We adopt the above convention across the entire library both in terms of shapes of the attributes and the order in which they’re provided to functions.

Graphs with Custom Attributes#

GraphData also supports additional attributes to integrate within the graph. Just add your own attributes to the constructor using kwargs.

import mlx.core as mx
from mlx_graphs.data.data import GraphData

graph = GraphData(
    edge_index=mx.array([[0, 0, 0], [1, 1, 1]]),
    node_features=mx.random.normal((4, 8)),
    alpha=mx.ones((4,)),  # Custom attribute
)
>>> GraphData(
        edge_index(shape=(2, 3), int32)
        node_features(shape=(4, 8), float32)
        alpha(shape=(4,), float32))

graph.alpha
>>> array([1, 1, 1, 1], dtype=float32)

Operations on graphs#

We provide some utilities to perform operations on graphs in utils.

For example, to_edge_index() and to_adjacency_matrix() can be used to convert an adjacency matrix representing a graph into its edge index and viceversa.

Batching#

In tasks with multiple graphs, such as graph classification, batching accelerates GNN computations by processing several graphs together instead of individually. This approach can drastically enhance speed through parallelization on the Mac’s GPU.

The GraphDataBatch class handles all batch operations, enabling the creation of a batch from a list of GraphData objects. We provide the mlx_graphs.data.batch.batch() function as an interface to create a GraphDataBatch out of a sequence of GraphData objects.

Hint

The operations provided in mlx-graphs are particularly efficient on large graphs. We recommend to leverage batching whenever possible, ensuring that the batched graphs collectively fit within available memory.

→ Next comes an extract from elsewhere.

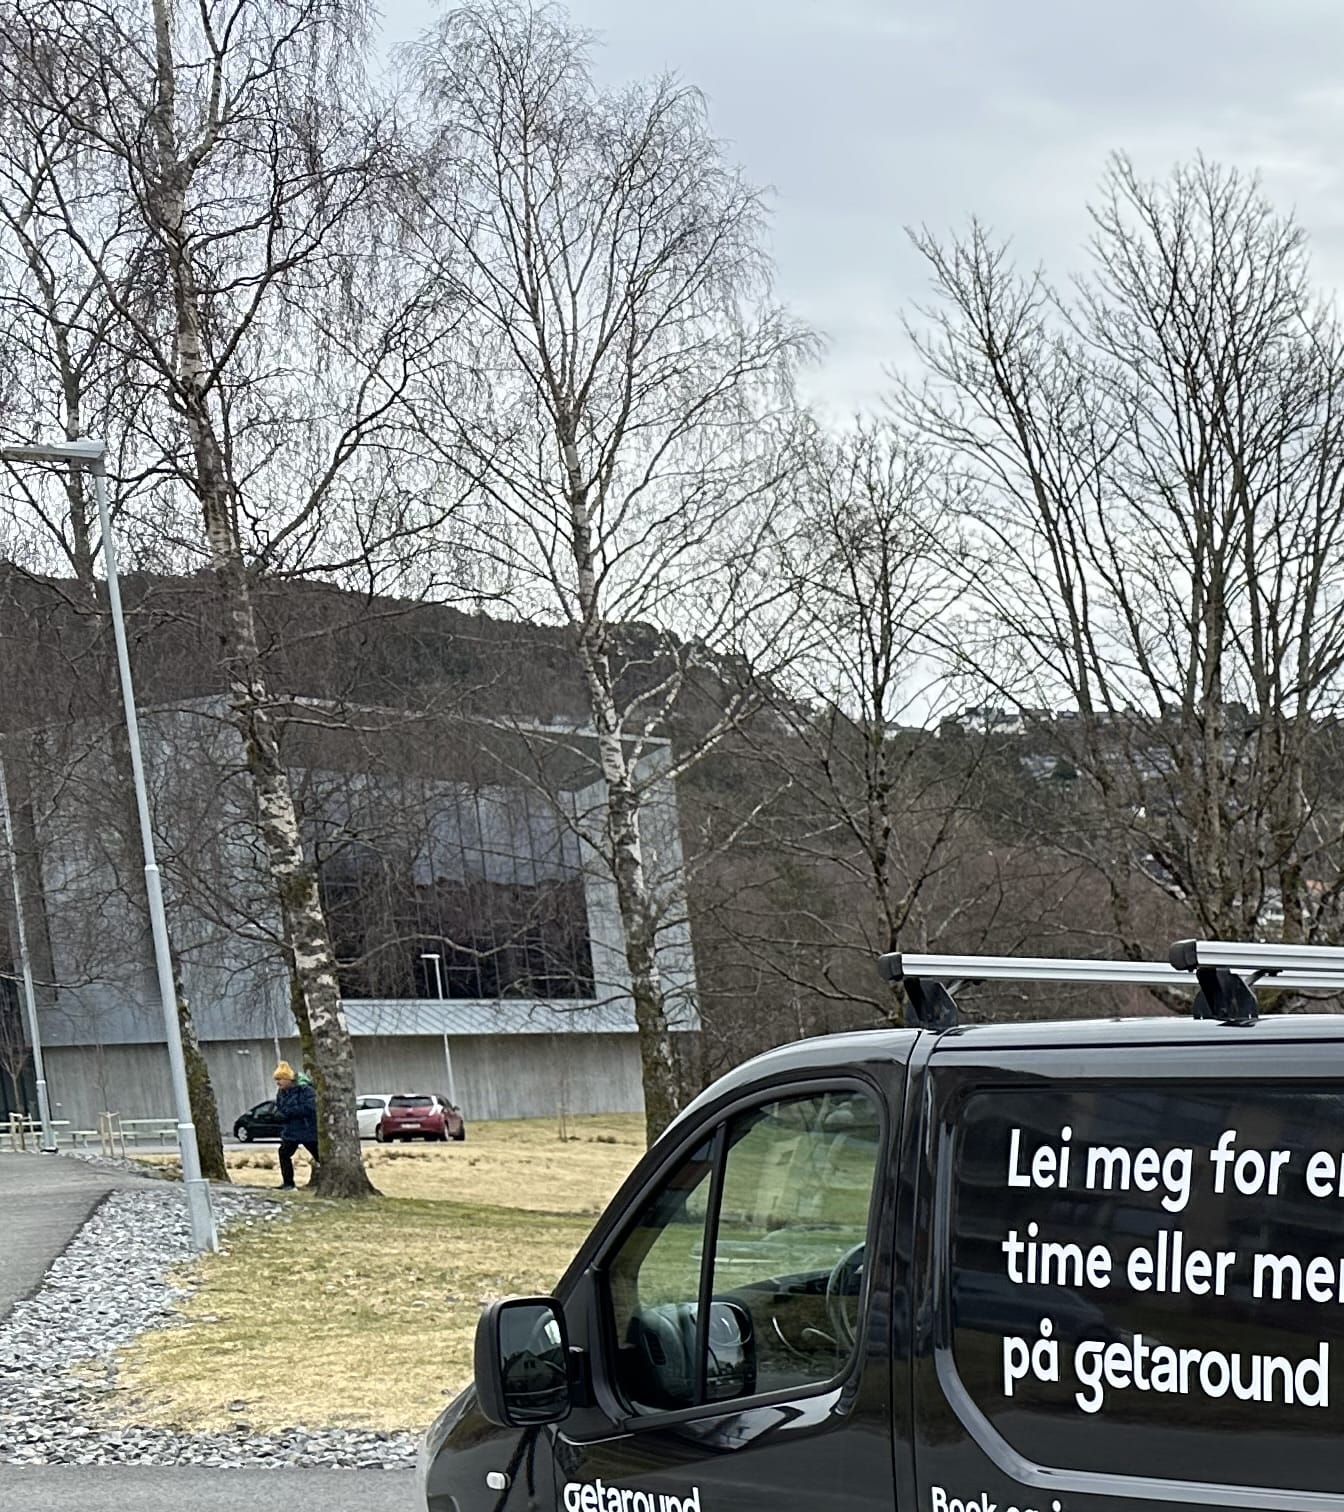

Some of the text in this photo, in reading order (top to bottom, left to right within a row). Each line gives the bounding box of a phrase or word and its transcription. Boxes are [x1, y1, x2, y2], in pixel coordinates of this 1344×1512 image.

from mlx_graphs.data.batch import batch

graphs = [
    GraphData(
        edge_index=mx.array([[0, 0, 0], [1, 1, 1]]),
        node_features=mx.zeros((3, 1)),
    ),
    GraphData(
        edge_index=mx.array([[1, 1, 1], [2, 2, 2]]),
        node_features=mx.ones((3, 1)),
    ),
    GraphData(
        edge_index=mx.array([[3, 3, 3], [4, 4, 4]]),
        node_features=mx.ones((3, 1)) * 2,
    )
]
graphs_batch = batch(graphs)
>>> GraphDataBatch(
    edge_index(shape=[2, 9], int32)
    node_features(shape=[9, 1], float32))

graphs_batch.num_graphs
>>> 3

Internally, GraphDataBatch simply collates the attributes from all GraphData objects and concatenates them to end up with a single large graph made of the disconnected graphs. Our batching strategy follows a similar approach as in PyG.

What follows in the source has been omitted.